(Phrase grounding data)
____
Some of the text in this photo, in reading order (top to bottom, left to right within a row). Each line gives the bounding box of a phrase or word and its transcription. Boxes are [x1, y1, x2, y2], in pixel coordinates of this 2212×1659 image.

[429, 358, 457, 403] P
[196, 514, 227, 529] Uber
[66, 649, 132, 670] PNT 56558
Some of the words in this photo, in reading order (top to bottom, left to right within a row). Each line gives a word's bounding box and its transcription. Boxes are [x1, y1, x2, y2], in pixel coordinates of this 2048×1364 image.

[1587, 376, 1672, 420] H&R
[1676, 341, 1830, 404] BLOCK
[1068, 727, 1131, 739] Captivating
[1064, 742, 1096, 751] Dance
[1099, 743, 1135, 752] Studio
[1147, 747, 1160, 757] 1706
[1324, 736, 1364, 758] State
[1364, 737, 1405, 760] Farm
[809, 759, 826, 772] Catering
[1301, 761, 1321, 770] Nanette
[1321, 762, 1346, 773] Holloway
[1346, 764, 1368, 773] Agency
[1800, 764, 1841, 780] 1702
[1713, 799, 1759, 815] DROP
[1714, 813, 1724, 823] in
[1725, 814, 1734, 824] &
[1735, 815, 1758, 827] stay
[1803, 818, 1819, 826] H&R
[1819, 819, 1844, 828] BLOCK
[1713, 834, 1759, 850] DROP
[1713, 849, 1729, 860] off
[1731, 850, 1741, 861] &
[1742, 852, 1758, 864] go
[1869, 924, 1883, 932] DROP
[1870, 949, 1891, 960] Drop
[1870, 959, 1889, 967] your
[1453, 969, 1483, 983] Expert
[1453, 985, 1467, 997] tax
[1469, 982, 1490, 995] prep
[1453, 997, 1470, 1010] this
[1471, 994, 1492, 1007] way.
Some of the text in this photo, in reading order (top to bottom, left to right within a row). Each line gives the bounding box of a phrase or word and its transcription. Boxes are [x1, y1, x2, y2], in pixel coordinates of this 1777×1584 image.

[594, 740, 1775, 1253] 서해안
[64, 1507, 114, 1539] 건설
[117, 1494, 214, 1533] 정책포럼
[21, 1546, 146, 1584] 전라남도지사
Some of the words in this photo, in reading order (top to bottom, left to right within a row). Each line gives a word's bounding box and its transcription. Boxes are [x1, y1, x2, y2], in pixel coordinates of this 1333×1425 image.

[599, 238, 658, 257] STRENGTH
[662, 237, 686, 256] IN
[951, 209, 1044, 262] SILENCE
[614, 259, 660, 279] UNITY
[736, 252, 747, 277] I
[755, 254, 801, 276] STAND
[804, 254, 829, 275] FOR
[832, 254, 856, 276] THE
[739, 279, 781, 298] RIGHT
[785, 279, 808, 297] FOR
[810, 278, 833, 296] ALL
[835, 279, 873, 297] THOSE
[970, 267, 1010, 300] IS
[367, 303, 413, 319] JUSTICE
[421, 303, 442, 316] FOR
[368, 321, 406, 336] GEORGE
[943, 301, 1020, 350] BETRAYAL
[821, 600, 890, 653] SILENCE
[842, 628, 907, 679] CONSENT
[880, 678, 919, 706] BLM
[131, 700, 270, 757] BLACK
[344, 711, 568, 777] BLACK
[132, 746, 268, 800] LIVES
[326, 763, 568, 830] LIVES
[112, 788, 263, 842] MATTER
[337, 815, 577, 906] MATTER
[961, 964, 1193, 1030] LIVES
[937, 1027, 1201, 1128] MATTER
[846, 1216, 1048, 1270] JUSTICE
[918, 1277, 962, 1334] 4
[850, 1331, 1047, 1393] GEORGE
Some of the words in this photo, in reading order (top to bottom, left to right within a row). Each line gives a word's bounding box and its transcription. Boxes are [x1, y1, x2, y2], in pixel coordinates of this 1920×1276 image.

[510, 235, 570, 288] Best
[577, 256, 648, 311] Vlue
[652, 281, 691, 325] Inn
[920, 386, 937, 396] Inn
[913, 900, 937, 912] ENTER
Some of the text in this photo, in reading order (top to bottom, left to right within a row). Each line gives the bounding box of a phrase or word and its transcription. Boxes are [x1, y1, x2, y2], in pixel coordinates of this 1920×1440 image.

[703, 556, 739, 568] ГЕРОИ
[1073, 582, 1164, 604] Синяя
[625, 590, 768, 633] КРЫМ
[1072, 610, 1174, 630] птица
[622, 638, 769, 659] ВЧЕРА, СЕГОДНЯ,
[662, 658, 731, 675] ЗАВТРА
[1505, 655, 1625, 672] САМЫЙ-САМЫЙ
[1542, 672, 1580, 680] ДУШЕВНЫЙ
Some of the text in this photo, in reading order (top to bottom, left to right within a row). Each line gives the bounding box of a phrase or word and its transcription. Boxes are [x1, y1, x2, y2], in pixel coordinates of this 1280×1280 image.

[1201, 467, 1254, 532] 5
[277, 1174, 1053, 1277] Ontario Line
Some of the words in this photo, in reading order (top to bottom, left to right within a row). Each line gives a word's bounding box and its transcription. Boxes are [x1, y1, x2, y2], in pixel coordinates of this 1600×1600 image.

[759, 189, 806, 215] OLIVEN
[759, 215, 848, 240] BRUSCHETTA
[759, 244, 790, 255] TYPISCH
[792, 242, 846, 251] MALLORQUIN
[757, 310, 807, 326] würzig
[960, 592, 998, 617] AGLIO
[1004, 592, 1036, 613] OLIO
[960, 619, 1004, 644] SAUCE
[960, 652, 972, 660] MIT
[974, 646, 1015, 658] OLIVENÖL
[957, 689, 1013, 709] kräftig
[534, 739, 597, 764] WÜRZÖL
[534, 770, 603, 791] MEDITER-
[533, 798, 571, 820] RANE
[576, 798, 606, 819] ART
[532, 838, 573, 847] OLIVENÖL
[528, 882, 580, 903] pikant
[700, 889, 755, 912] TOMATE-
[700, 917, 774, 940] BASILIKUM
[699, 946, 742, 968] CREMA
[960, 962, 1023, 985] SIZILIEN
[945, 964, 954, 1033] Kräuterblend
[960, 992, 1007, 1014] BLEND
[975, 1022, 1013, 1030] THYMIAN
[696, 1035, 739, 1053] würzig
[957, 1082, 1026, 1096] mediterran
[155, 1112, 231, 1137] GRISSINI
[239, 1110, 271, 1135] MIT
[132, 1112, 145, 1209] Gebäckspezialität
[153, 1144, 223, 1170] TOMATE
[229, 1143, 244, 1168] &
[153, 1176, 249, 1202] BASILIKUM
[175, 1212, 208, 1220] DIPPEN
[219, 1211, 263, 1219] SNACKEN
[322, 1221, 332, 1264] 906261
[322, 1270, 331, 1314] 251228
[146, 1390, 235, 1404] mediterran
____
Each entry above should be retyped exactly, with nothing missed.

= TASK SOLUTION =
Some of the text in this photo, in reading order (top to bottom, left to right within a row). Each line gives the bounding box of a phrase or word and its transcription. Boxes are [x1, y1, x2, y2], in pixel coordinates of this 2212×1659 image.

[429, 358, 457, 403] P
[196, 514, 227, 529] Uber
[66, 649, 132, 670] PNT 56558
Some of the words in this photo, in reading order (top to bottom, left to right within a row). Each line gives a word's bounding box and its transcription. Boxes are [x1, y1, x2, y2], in pixel coordinates of this 2048×1364 image.

[1587, 376, 1672, 420] H&R
[1676, 341, 1830, 404] BLOCK
[1068, 727, 1131, 739] Captivating
[1064, 742, 1096, 751] Dance
[1099, 743, 1135, 752] Studio
[1147, 747, 1160, 757] 1706
[1324, 736, 1364, 758] State
[1364, 737, 1405, 760] Farm
[809, 759, 826, 772] Catering
[1301, 761, 1321, 770] Nanette
[1321, 762, 1346, 773] Holloway
[1346, 764, 1368, 773] Agency
[1800, 764, 1841, 780] 1702
[1713, 799, 1759, 815] DROP
[1714, 813, 1724, 823] in
[1725, 814, 1734, 824] &
[1735, 815, 1758, 827] stay
[1803, 818, 1819, 826] H&R
[1819, 819, 1844, 828] BLOCK
[1713, 834, 1759, 850] DROP
[1713, 849, 1729, 860] off
[1731, 850, 1741, 861] &
[1742, 852, 1758, 864] go
[1869, 924, 1883, 932] DROP
[1870, 949, 1891, 960] Drop
[1870, 959, 1889, 967] your
[1453, 969, 1483, 983] Expert
[1453, 985, 1467, 997] tax
[1469, 982, 1490, 995] prep
[1453, 997, 1470, 1010] this
[1471, 994, 1492, 1007] way.
Some of the text in this photo, in reading order (top to bottom, left to right within a row). Each line gives the bounding box of a phrase or word and its transcription. Boxes are [x1, y1, x2, y2], in pixel coordinates of this 1777×1584 image.

[594, 740, 1775, 1253] 서해안
[64, 1507, 114, 1539] 건설
[117, 1494, 214, 1533] 정책포럼
[21, 1546, 146, 1584] 전라남도지사
Some of the words in this photo, in reading order (top to bottom, left to right within a row). Each line gives a word's bounding box and its transcription. Boxes are [x1, y1, x2, y2], in pixel coordinates of this 1333×1425 image.

[599, 238, 658, 257] STRENGTH
[662, 237, 686, 256] IN
[951, 209, 1044, 262] SILENCE
[614, 259, 660, 279] UNITY
[736, 252, 747, 277] I
[755, 254, 801, 276] STAND
[804, 254, 829, 275] FOR
[832, 254, 856, 276] THE
[739, 279, 781, 298] RIGHT
[785, 279, 808, 297] FOR
[810, 278, 833, 296] ALL
[835, 279, 873, 297] THOSE
[970, 267, 1010, 300] IS
[367, 303, 413, 319] JUSTICE
[421, 303, 442, 316] FOR
[368, 321, 406, 336] GEORGE
[943, 301, 1020, 350] BETRAYAL
[821, 600, 890, 653] SILENCE
[842, 628, 907, 679] CONSENT
[880, 678, 919, 706] BLM
[131, 700, 270, 757] BLACK
[344, 711, 568, 777] BLACK
[132, 746, 268, 800] LIVES
[326, 763, 568, 830] LIVES
[112, 788, 263, 842] MATTER
[337, 815, 577, 906] MATTER
[961, 964, 1193, 1030] LIVES
[937, 1027, 1201, 1128] MATTER
[846, 1216, 1048, 1270] JUSTICE
[918, 1277, 962, 1334] 4
[850, 1331, 1047, 1393] GEORGE
Some of the words in this photo, in reading order (top to bottom, left to right within a row). Each line gives a word's bounding box and its transcription. Boxes are [x1, y1, x2, y2], in pixel coordinates of this 1920×1276 image.

[510, 235, 570, 288] Best
[577, 256, 648, 311] Vlue
[652, 281, 691, 325] Inn
[920, 386, 937, 396] Inn
[913, 900, 937, 912] ENTER
Some of the text in this photo, in reading order (top to bottom, left to right within a row). Each line gives the bounding box of a phrase or word and its transcription. Boxes are [x1, y1, x2, y2], in pixel coordinates of this 1920×1440 image.

[703, 556, 739, 568] ГЕРОИ
[1073, 582, 1164, 604] Синяя
[625, 590, 768, 633] КРЫМ
[1072, 610, 1174, 630] птица
[622, 638, 769, 659] ВЧЕРА, СЕГОДНЯ,
[662, 658, 731, 675] ЗАВТРА
[1505, 655, 1625, 672] САМЫЙ-САМЫЙ
[1542, 672, 1580, 680] ДУШЕВНЫЙ
Some of the text in this photo, in reading order (top to bottom, left to right within a row). Each line gives the bounding box of a phrase or word and its transcription. Boxes are [x1, y1, x2, y2], in pixel coordinates of this 1280×1280 image.

[1201, 467, 1254, 532] 5
[277, 1174, 1053, 1277] Ontario Line
Some of the words in this photo, in reading order (top to bottom, left to right within a row). Each line gives a word's bounding box and its transcription. Boxes are [x1, y1, x2, y2], in pixel coordinates of this 1600×1600 image.

[759, 189, 806, 215] OLIVEN
[759, 215, 848, 240] BRUSCHETTA
[759, 244, 790, 255] TYPISCH
[792, 242, 846, 251] MALLORQUIN
[757, 310, 807, 326] würzig
[960, 592, 998, 617] AGLIO
[1004, 592, 1036, 613] OLIO
[960, 619, 1004, 644] SAUCE
[960, 652, 972, 660] MIT
[974, 646, 1015, 658] OLIVENÖL
[957, 689, 1013, 709] kräftig
[534, 739, 597, 764] WÜRZÖL
[534, 770, 603, 791] MEDITER-
[533, 798, 571, 820] RANE
[576, 798, 606, 819] ART
[532, 838, 573, 847] OLIVENÖL
[528, 882, 580, 903] pikant
[700, 889, 755, 912] TOMATE-
[700, 917, 774, 940] BASILIKUM
[699, 946, 742, 968] CREMA
[960, 962, 1023, 985] SIZILIEN
[945, 964, 954, 1033] Kräuterblend
[960, 992, 1007, 1014] BLEND
[975, 1022, 1013, 1030] THYMIAN
[696, 1035, 739, 1053] würzig
[957, 1082, 1026, 1096] mediterran
[155, 1112, 231, 1137] GRISSINI
[239, 1110, 271, 1135] MIT
[132, 1112, 145, 1209] Gebäckspezialität
[153, 1144, 223, 1170] TOMATE
[229, 1143, 244, 1168] &
[153, 1176, 249, 1202] BASILIKUM
[175, 1212, 208, 1220] DIPPEN
[219, 1211, 263, 1219] SNACKEN
[322, 1221, 332, 1264] 906261
[322, 1270, 331, 1314] 251228
[146, 1390, 235, 1404] mediterran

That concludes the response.